##### SUPPLIED RECORDS #####

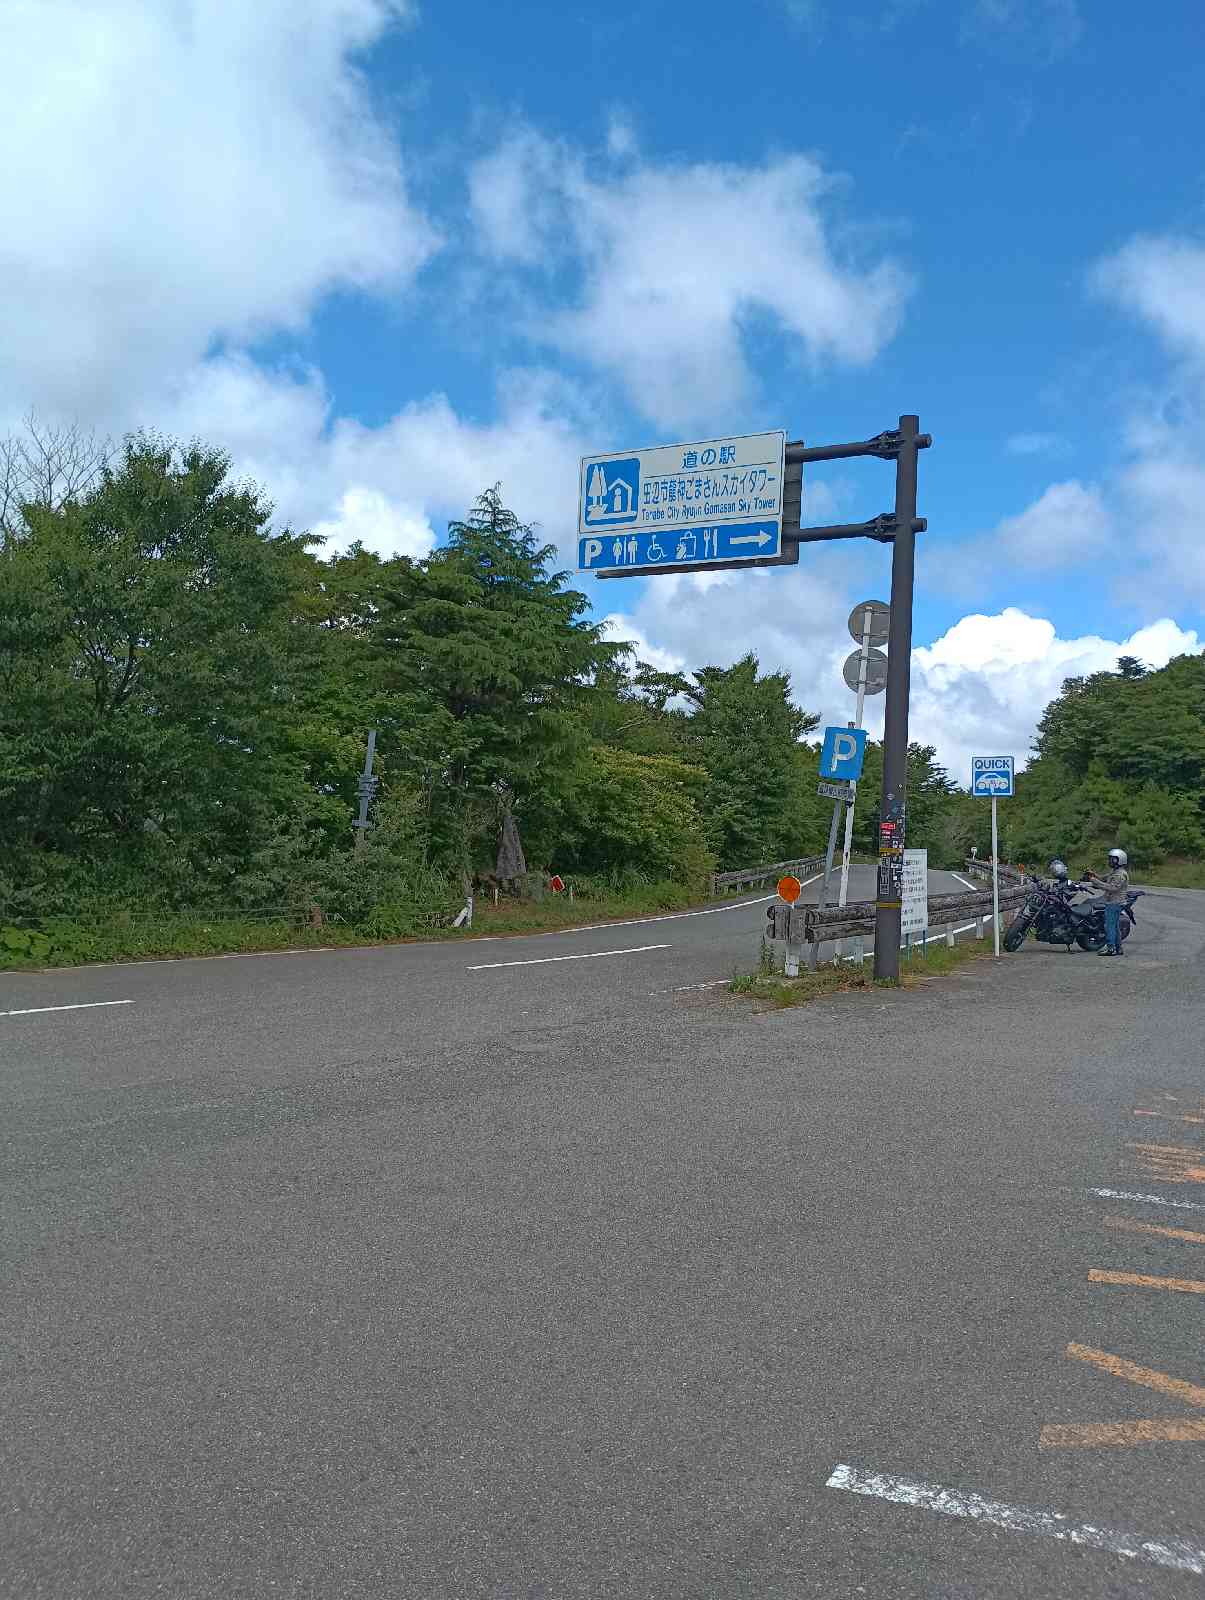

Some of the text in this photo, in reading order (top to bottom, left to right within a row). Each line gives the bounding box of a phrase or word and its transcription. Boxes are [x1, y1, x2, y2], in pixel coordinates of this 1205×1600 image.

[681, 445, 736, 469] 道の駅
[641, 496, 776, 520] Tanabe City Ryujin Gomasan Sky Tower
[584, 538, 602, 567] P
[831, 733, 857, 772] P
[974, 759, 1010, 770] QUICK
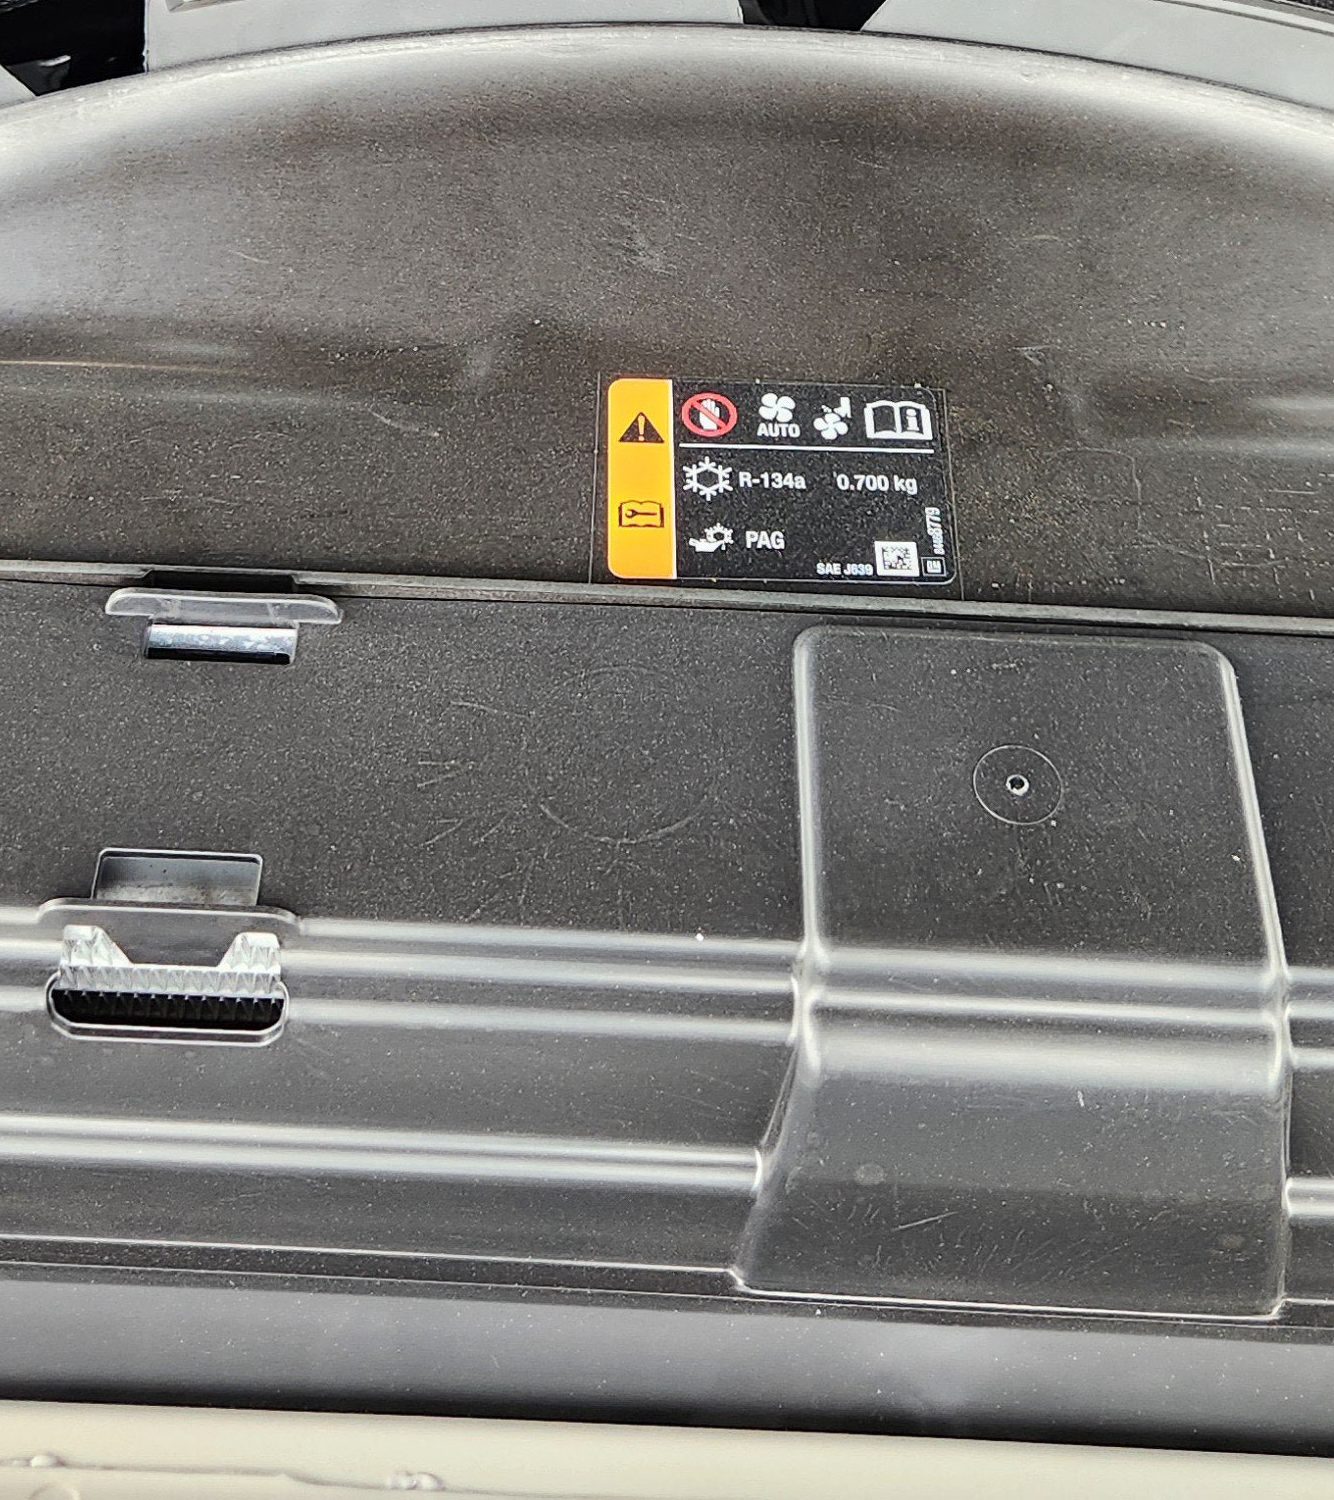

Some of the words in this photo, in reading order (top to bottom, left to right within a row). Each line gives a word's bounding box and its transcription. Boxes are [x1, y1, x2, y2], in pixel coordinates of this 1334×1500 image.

#####

**AIM OF THE TASK:**
With the pictures left out, return all the material above exactly.

**RESPONSE:**
Some of the text in this photo, in reading order (top to bottom, left to right within a row). Each line gives the bounding box of a phrase or word and its transcription. Boxes are [x1, y1, x2, y2], in pixel coordinates of this 1205×1600 image.

[681, 445, 736, 469] 道の駅
[641, 496, 776, 520] Tanabe City Ryujin Gomasan Sky Tower
[584, 538, 602, 567] P
[831, 733, 857, 772] P
[974, 759, 1010, 770] QUICK

Some of the words in this photo, in reading order (top to bottom, left to right within a row). Each line gives a word's bounding box and its transcription. Boxes are [x1, y1, x2, y2], in pixel coordinates of this 1334×1500 image.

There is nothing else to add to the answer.